=== WHAT NEEDS TO BE DONE ===
In these records, how many lines contain "protection"? Please reply with the number only.

(Beginning of INFORMATION PROVIDED)

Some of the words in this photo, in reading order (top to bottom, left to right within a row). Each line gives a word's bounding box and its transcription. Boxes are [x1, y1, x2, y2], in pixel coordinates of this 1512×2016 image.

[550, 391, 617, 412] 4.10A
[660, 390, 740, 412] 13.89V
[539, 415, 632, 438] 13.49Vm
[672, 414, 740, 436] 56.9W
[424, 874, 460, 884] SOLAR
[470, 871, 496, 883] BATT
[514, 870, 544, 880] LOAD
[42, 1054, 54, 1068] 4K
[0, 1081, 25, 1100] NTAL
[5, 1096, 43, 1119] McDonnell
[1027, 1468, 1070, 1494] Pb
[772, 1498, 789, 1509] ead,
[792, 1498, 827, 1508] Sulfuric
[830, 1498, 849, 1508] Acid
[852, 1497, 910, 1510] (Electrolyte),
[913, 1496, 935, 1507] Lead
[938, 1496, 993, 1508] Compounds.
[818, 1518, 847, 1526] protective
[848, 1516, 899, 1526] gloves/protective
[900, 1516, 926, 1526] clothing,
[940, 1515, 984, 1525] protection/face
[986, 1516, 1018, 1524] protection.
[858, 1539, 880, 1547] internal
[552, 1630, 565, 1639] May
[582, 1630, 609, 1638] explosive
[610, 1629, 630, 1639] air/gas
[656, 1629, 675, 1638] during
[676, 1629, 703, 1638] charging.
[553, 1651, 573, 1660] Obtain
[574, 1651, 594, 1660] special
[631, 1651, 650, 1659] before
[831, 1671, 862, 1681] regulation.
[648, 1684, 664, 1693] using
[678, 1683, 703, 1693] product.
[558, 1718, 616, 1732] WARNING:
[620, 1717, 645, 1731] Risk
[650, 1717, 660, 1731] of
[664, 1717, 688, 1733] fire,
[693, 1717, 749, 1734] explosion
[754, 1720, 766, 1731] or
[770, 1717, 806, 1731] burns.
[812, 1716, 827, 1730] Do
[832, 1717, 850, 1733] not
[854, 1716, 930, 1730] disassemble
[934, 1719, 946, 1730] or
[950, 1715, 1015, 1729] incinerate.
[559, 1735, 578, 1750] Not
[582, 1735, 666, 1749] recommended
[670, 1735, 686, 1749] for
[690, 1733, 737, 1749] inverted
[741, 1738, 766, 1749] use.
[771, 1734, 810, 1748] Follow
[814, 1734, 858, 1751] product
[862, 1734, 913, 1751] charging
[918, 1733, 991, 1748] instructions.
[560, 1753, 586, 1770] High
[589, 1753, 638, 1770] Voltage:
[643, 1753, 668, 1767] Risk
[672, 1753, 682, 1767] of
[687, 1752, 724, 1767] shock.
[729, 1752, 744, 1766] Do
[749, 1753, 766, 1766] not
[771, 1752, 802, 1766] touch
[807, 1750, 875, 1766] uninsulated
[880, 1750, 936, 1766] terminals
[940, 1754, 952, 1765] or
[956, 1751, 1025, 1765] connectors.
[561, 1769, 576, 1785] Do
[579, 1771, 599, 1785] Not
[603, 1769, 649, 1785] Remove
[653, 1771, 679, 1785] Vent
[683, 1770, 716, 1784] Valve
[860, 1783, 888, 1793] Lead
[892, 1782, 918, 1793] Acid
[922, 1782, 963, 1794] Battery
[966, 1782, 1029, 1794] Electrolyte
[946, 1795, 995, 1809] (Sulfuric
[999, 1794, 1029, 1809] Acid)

(End of INFORMATION PROVIDED)

=== EXERCISE OUTPUT ===
2